Background and purpose: Cellular adhesion molecules mediate adhesion between endothelial cells and leukocytes as a precondition for extravasation of leukocytes at sites of tissue injury. The pattern of release of circulating adhesion molecules has been characterized in patients with acute ischemic stroke.
Methods: Serum concentrations of soluble selectin-type adhesion molecules (solube endothelial leukocyte adhesion molecule-1 [sELAM-1], soluble lymph node homing receptor [sL-selectin]) and immunoglobulin-type adhesion molecules (soluble vascular cell adhesion molecule-1 [sVCAM-1], soluble intercellular adhesion molecule-1 [sICAM-1]) were serially determined (at hours 4, 8, and 10 and at days 1, 3, and 5) in 22 patients with acute ischemic stroke. As control subjects, age- and sex-matched individuals with (n = 40) and without (n = 22) vascular risk factors were studied.

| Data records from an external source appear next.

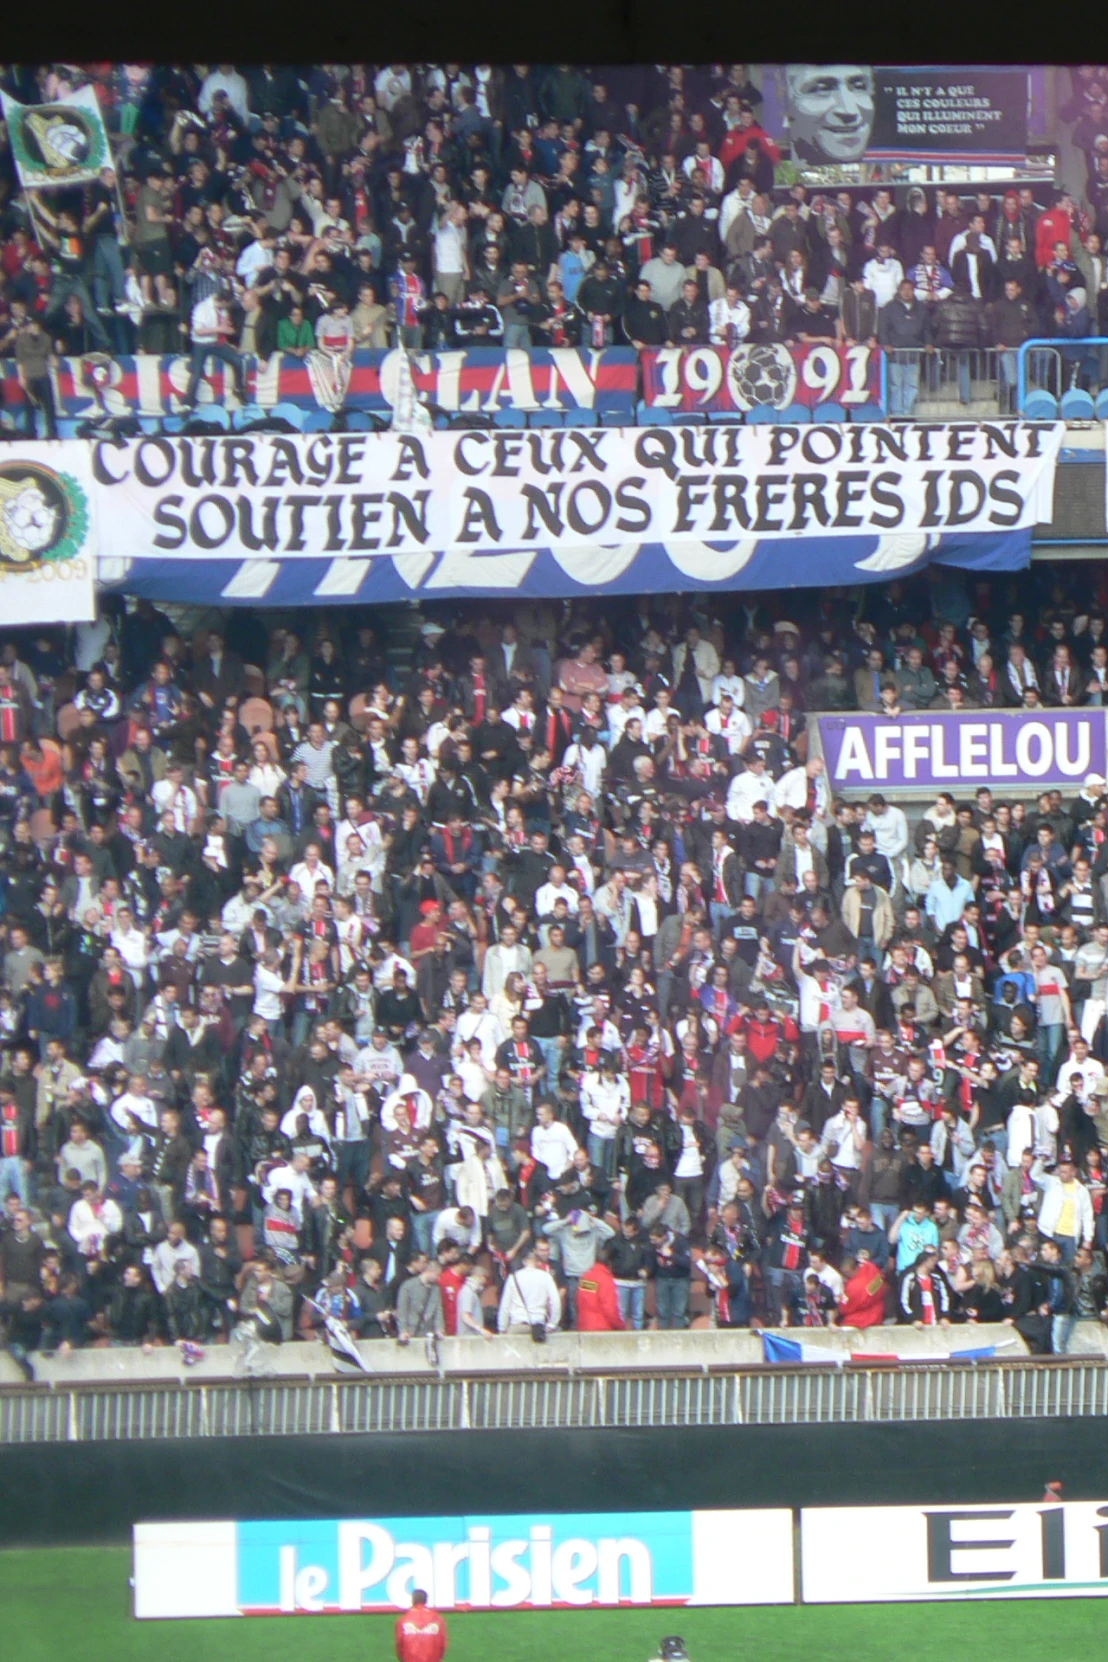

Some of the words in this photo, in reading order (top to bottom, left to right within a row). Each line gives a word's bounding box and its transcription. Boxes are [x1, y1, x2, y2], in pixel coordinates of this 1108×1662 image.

[896, 86, 908, 96] IL
[935, 86, 946, 96] A
[947, 85, 974, 97] QUE
[896, 98, 921, 109] CES
[922, 97, 991, 109] COULEURS
[896, 110, 921, 122] QUI
[922, 109, 1002, 121] ILLUMINENT
[896, 123, 926, 134] MON
[928, 123, 973, 134] COEUR
[380, 347, 608, 413] CLAN
[92, 434, 368, 487] COURAGE
[391, 435, 431, 481] A
[454, 430, 609, 477] CEUX
[634, 427, 742, 482] QUI
[766, 423, 1055, 467] POINTENT
[153, 489, 432, 552] SOUTIEN
[456, 485, 504, 543] A
[520, 475, 653, 540] NOS
[672, 470, 906, 533] FRERES
[918, 467, 1025, 529] IDS
[834, 721, 1090, 780] AFFLELOU
[279, 1545, 328, 1612] le
[338, 1522, 652, 1610] Parisien
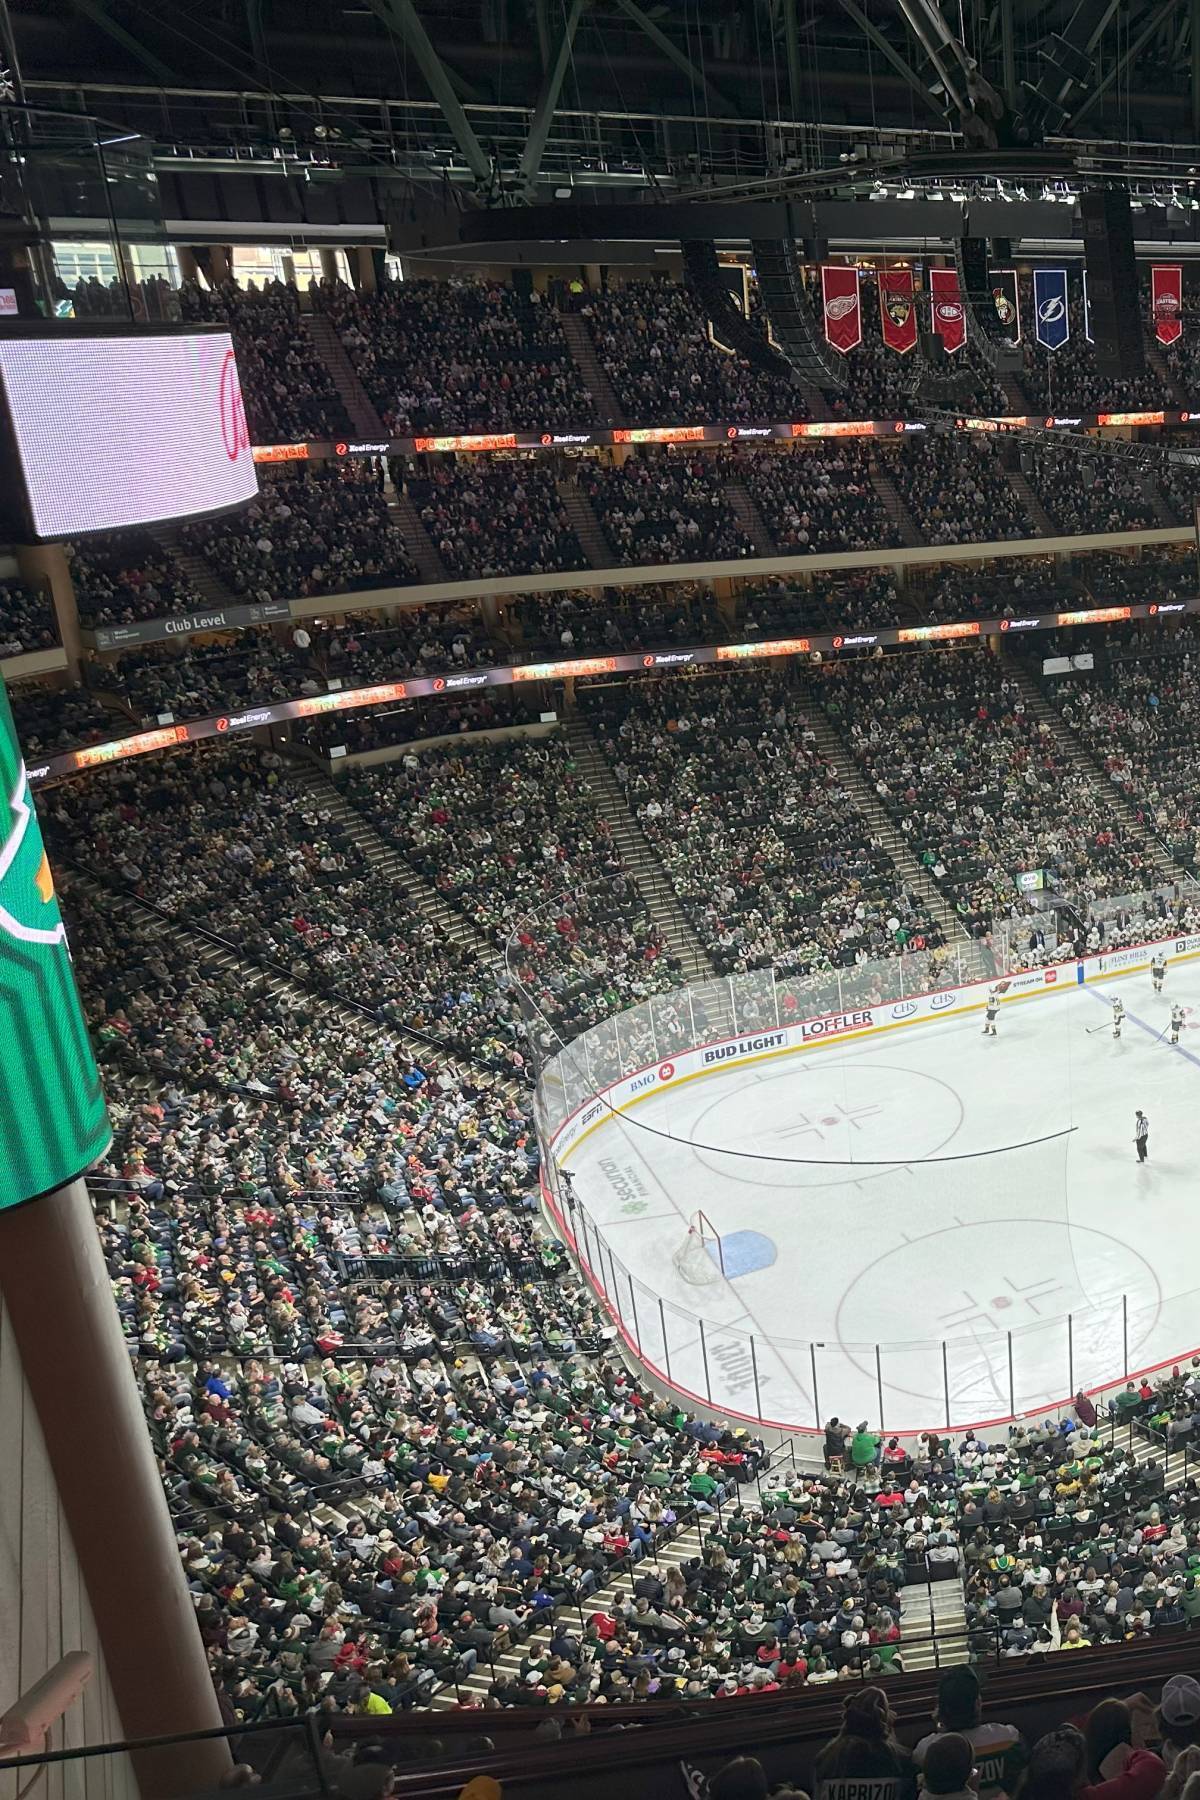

Results: We observed increased concentrations of sICAM-1 and decreased levels of sL-selectin in patients with risk factors even in the absence of stroke. Patients with acute stroke had, in addition, an initial transient increase of sELAM-1 and a persistent increase of sVCAM-1.
Conclusions: The results suggest a chronic alteration of expression of adhesion molecules sICAM-1 and sL-selectin in subjects with risk factors for atherosclerosis; they also indicate acute changes of levels of sELAM-1 and sVCAM-1 in response to acute ischemic stroke. Determination of soluble adhesion molecules could allow in vivo monitoring of the initial steps of leukocyte-mediated brain damage in acute ischemic stroke.